All entries are to be reproduced exactly; the pictures are to be omitted.

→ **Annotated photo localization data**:
==*==

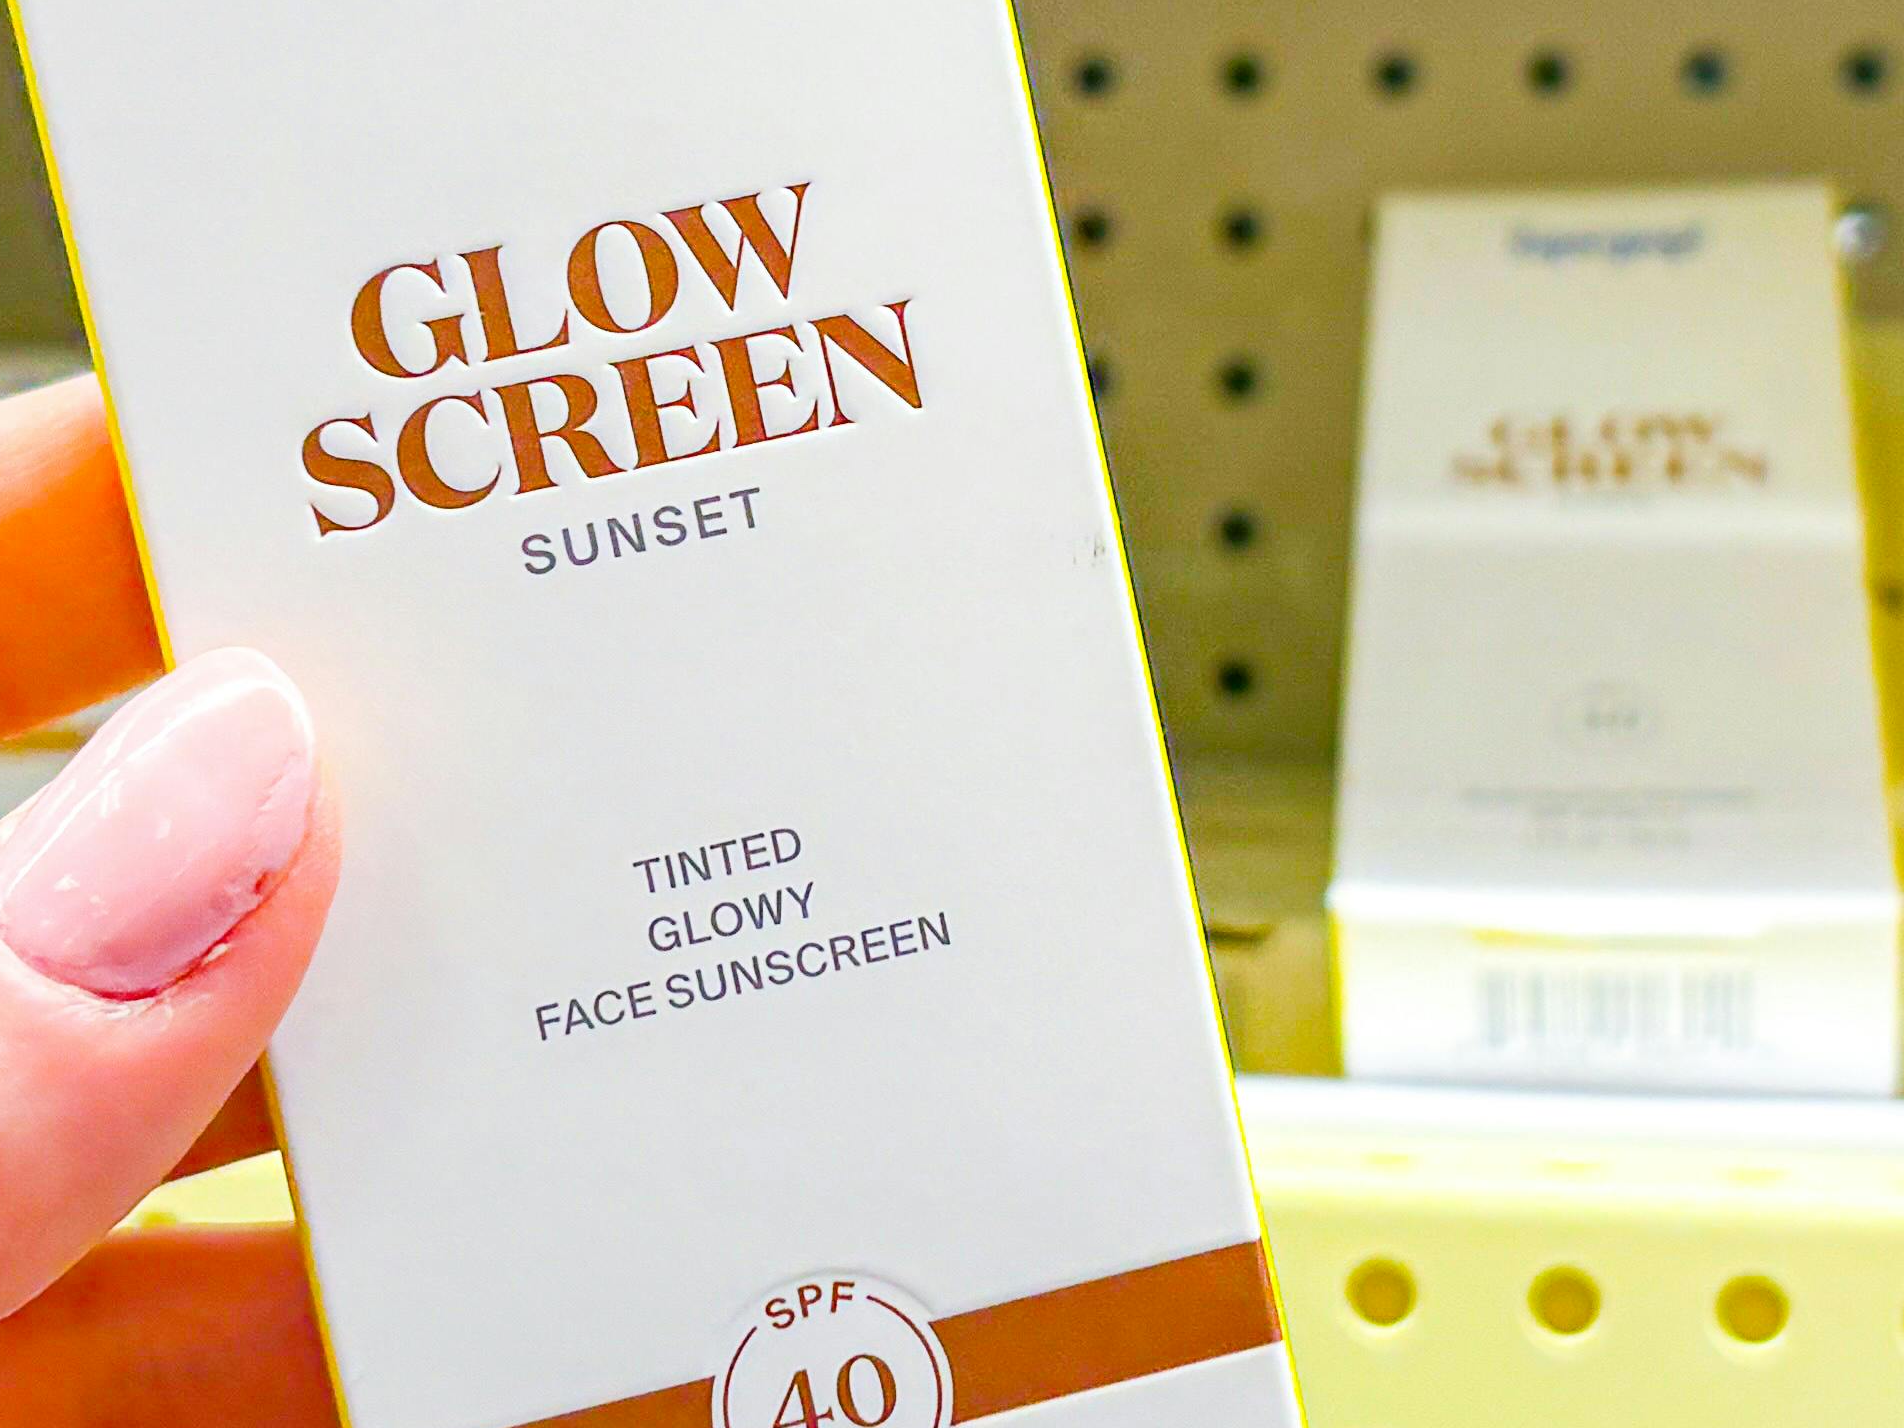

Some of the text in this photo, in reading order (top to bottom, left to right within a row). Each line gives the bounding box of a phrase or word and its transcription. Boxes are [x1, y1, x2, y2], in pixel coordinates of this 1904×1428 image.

[350, 182, 811, 379] GLOW
[301, 298, 922, 537] SCREEN
[520, 487, 761, 575] SUNSET
[632, 827, 802, 894] TINTED
[647, 881, 815, 952] GLOWY
[535, 911, 952, 1041] FACE SUNSCREEN
[764, 1281, 855, 1330] SPF

==*==

→ **Answer for this exercise**:
Some of the text in this photo, in reading order (top to bottom, left to right within a row). Each line gives the bounding box of a phrase or word and its transcription. Boxes are [x1, y1, x2, y2], in pixel coordinates of this 1904×1428 image.

[350, 182, 811, 379] GLOW
[301, 298, 922, 537] SCREEN
[520, 487, 761, 575] SUNSET
[632, 827, 802, 894] TINTED
[647, 881, 815, 952] GLOWY
[535, 911, 952, 1041] FACE SUNSCREEN
[764, 1281, 855, 1330] SPF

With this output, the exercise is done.